Comment by Charlie Swanson [ 08/May/19 ]

This ticket may have just become a priority for the query team. As part of adding $merge, the drivers team is interested to see if we can update the server's contract so that all aggregates accept both readConcern and writeConcern. This will allow both server and drivers to remove some special-casing for the $out stage, and avoid adding some new special-casing for $merge. If we allow every aggregate to accept a writeConcern, we don't want the read-only aggregates to wait for the previous operation's write concern.

Based on this ticket it sounds like there are no known problems with implementing this, and the code changes look relatively straightforward. Would anyone mind if the query team took this on and sent to replication for review? Please let me know if you foresee any problems.

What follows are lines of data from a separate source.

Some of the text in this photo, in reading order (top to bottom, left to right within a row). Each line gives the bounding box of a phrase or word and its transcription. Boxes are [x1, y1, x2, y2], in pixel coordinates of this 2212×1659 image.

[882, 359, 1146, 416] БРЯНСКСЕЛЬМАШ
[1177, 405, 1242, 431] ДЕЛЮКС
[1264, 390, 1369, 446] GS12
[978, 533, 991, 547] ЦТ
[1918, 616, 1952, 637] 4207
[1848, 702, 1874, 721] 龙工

cc tess.avitabile, jeff.yemin and behackett.

Comment by Andy Schwerin [ 08/Mar/18 ]

judah.schvimer, could you clarify the description and summary a little. It fooled milkie and I.

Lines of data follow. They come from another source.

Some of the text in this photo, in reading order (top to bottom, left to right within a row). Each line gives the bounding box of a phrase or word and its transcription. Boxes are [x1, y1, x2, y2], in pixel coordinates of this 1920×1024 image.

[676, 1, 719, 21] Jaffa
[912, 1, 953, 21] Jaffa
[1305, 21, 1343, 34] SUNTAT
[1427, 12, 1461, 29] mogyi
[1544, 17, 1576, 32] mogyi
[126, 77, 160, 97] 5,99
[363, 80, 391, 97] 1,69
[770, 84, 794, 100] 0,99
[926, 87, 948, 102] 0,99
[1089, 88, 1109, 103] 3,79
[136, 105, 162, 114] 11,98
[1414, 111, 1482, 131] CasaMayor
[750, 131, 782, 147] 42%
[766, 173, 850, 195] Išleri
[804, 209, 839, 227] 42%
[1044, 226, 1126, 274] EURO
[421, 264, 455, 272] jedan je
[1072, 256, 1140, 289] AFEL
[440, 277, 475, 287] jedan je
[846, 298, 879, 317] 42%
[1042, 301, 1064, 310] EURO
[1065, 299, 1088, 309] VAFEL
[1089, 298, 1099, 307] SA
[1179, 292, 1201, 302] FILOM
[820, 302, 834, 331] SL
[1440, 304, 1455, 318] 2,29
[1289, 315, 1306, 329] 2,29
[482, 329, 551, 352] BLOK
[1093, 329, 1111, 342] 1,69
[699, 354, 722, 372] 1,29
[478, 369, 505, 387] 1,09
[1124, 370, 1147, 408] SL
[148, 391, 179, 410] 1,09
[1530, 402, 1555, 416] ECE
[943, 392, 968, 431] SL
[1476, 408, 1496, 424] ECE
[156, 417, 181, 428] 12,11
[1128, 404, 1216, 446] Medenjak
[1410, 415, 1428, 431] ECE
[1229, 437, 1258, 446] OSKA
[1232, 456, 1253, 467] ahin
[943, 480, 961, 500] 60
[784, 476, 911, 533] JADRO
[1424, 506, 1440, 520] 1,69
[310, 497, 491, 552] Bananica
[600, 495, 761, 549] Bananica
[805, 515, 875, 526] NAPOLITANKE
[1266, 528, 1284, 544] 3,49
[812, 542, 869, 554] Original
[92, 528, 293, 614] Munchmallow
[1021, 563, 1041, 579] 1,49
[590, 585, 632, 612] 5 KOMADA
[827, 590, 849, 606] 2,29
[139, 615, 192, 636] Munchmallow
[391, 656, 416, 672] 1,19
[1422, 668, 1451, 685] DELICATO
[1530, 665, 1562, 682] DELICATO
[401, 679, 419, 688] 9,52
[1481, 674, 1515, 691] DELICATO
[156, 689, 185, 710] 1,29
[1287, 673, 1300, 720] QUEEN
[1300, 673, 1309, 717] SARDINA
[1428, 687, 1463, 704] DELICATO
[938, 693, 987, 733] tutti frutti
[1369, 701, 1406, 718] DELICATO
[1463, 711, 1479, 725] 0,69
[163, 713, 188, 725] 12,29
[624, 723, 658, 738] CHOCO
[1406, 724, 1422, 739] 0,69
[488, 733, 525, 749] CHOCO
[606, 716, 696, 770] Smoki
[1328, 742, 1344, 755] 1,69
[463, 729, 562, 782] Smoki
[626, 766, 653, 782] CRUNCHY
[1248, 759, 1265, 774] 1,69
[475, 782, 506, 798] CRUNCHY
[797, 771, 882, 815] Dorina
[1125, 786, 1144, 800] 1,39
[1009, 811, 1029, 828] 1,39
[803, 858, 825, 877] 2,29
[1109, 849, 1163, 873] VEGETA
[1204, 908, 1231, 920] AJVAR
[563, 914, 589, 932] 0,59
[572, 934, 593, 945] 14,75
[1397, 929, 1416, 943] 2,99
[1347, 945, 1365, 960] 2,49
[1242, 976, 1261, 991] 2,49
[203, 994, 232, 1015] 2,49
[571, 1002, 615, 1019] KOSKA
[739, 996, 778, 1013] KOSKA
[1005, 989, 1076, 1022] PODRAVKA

Comment by Eric Milkie [ 07/Mar/18 ]

SGTM

Comment by Judah Schvimer [ 07/Mar/18 ]

The GlobalLockAcquisionTracker added in SERVER-27067, still tracks when we attempt to take a global lock, which shows when we attempt to do a write. SERVER-27067 assumes that no-op writes always attempt to take a global lock. Things like retryable writes that break that contract, need to set the client optime themselves.

Comment by Eric Milkie [ 07/Mar/18 ]

How are you going to tell the difference between "a parse error that should do no waiting" and "a no-op write that should wait"? For example, a non-parse error for which we still need to wait would be a duplicate key error; we need to wait in order to ensure the client can do a subsequent read and see the data that caused the duplicate key error.